The FATF and affiliated regional bodies conduct periodic “mutual” or peer evaluations of all members, and these constitute neither a single nor a simple procedure. Countries’ efforts to implement 40 anti-money laundering and counter-terrorist financing recommendations are evaluated for progress against 11 Immediate outcomes. The complexity of the assessment process, the international actors and experts involved, as well as the months of time allotted to the multiple, international tasks required would also suggest that the final outcome is not completely vulnerable to several powerful countries’ political lobbying, alone. It may also be suggested that even though the plenary consultations are being held in Paris next week, there is still time for Pakistan to make the types of needed changes that will avoid an overall negative situation during and after the in-country evaluation, scheduled during the fourth quarter of this year.

The speculation that the new presidential ordinance to include UN-banned militant groups among Pakistan’s proscribed organisations, and the moves by the government to take over militant group’s charities will be sufficient to keep Pakistan off the grey list, is probably also an insufficient assessment of the matter. While clearing up some of the ambiguity emanating from policies on charities belonging to militant groups is highly welcome and long overdue, it must be recalled that since 2015, shortly after having been removed from the FATF’s watch list, Pakistan embarked on a crackdown on non-profits that has been an expensive, time and resource consuming exercise in overkill, while not specifically addressing the types of charities most at risk for involvement in money laundering and terror financing.

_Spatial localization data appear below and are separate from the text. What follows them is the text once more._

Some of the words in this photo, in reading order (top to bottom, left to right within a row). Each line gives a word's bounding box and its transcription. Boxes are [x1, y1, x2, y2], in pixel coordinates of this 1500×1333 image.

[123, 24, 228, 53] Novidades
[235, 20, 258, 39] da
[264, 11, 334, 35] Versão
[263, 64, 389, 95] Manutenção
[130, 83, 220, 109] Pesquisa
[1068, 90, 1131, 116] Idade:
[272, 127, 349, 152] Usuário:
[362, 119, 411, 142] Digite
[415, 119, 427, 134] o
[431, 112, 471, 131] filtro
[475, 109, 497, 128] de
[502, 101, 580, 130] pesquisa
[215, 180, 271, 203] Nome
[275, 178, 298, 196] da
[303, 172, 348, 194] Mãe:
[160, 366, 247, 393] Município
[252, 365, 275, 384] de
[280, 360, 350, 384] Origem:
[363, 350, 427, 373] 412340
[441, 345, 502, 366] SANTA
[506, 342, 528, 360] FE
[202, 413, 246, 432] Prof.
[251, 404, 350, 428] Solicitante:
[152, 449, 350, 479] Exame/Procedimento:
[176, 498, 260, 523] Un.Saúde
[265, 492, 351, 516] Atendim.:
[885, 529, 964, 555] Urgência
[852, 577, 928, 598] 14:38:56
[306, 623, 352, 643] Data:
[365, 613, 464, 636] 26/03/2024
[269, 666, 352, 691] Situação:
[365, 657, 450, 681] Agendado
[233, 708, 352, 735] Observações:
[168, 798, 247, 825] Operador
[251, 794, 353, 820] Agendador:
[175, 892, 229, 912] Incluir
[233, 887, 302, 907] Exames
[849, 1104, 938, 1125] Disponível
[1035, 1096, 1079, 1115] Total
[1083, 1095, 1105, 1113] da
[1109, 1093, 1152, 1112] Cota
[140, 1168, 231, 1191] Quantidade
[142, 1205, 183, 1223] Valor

This approach, which has delayed and in some cases, damaged the effective delivery of assistance to the country’s poor and vulnerable has also wasted considerable international investments in the same. These facts are, no doubt, in the minds of those Western country representatives which have sponsored a motion against Pakistan and which also comprise Pakistan’s largest international donors. It is not being implied that something so simple as a tit-for-tat retaliatory response is what is happening. Furthermore, no one — not the donor countries, and especially, not the legitimate, humanitarian and development non-profits would argue that government regulation and oversight were not needed — even welcome — to alleviate potentials for abuse. However, where Pakistan’s security-focused efforts to regulation of non-profits is falling short is on its across-the-board approach that did not go far enough to address the problems of the most politically active organisations which are linked to known terrorists.

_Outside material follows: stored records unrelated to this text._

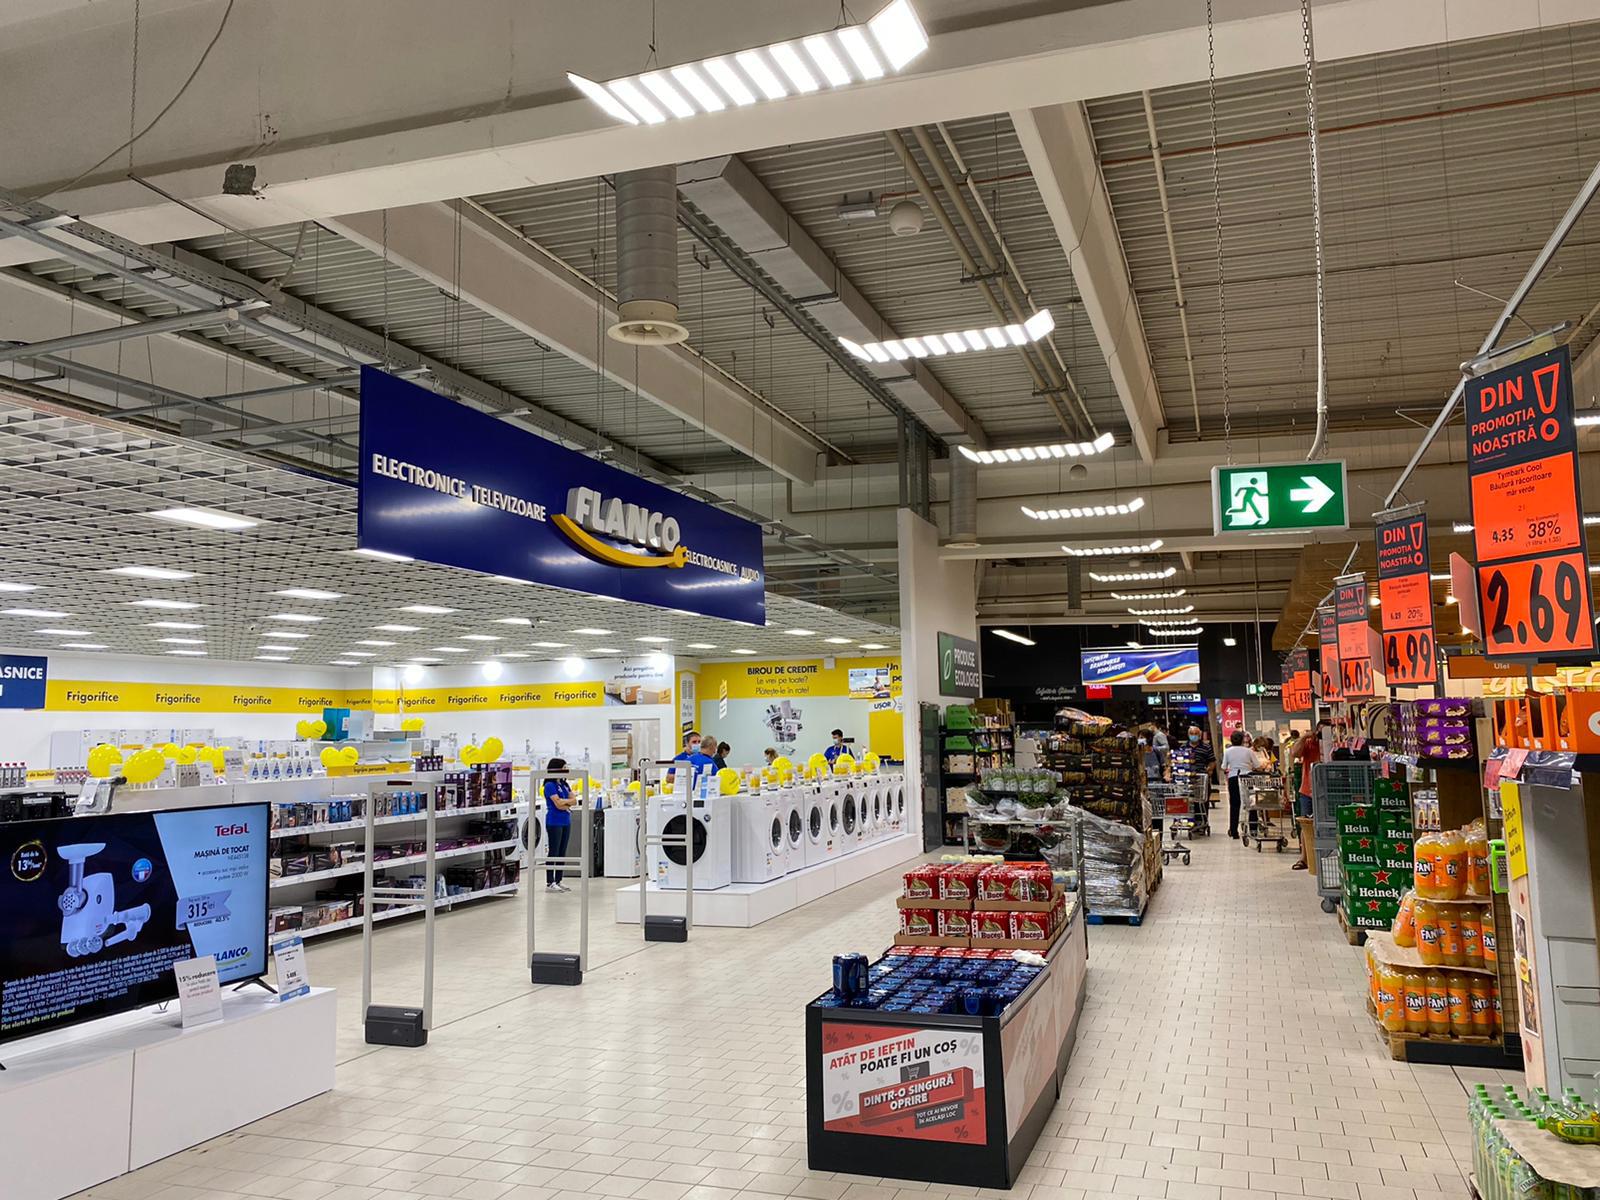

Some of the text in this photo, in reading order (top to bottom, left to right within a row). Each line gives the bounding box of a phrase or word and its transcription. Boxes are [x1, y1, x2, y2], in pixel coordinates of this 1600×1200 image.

[1480, 376, 1523, 413] DIN
[1471, 407, 1536, 437] PROMOȚIA
[1472, 424, 1538, 456] NOASTRĂ
[1526, 463, 1542, 473] Cool
[372, 453, 546, 522] ELECTRONICE TELEVIZOARE
[566, 486, 681, 553] FLANCO
[1383, 526, 1406, 545] DIN
[1492, 527, 1514, 543] 4.35
[1528, 519, 1561, 539] 38%
[686, 549, 738, 577] ELECTROCASNICE
[1487, 561, 1582, 645] 2.69
[954, 648, 975, 667] PRODUSE
[1387, 632, 1432, 678] 4.99
[747, 665, 817, 675] BIROU DE CREDITE
[954, 669, 979, 687] ECOLOGICE
[1343, 660, 1371, 692] 6.05
[67, 691, 119, 704] Frigorifice
[156, 693, 201, 705] Frigorifice
[233, 695, 272, 706] Frigorifice
[299, 697, 333, 707] Frigorifice
[397, 697, 436, 707] Frigorifice
[448, 695, 488, 705] Frigorifice
[500, 693, 541, 702] Frigorifice
[554, 690, 597, 701] Frigorifice
[214, 823, 250, 837] Tefal
[1345, 825, 1370, 833] Hein
[231, 845, 249, 853] TOCAT
[1349, 854, 1374, 863] Hein
[946, 888, 968, 897] Bucegi
[188, 902, 207, 919] 315
[909, 925, 931, 934] Bucegi
[946, 923, 968, 932] Bucegi
[830, 1038, 915, 1070] ATÂT DE IEFTIN
[860, 1040, 957, 1074] POATE FI UN COȘ
[864, 1073, 954, 1107] DINTR-O SINGURĂ
[889, 1092, 928, 1110] OPRIRE
[946, 1110, 956, 1118] LOC

The FATF — specifically the post-2016 revised version of recommendation 8 and its interpretive note — calls for a logical, evidence and risk-based approach to monitoring and regulating non-profits that targets those organisations most likely or proven to be involved in money laundering and/or terrorist finance, while permitting those organisations less at risk to carry on with legitimate social work and development. Both elements are required: addressing the organisations evidenced or most likely to pose risk, and not only permitting those very low-risk organisations to work, but also providing sufficient information and outreach to enable them to comply with regulations.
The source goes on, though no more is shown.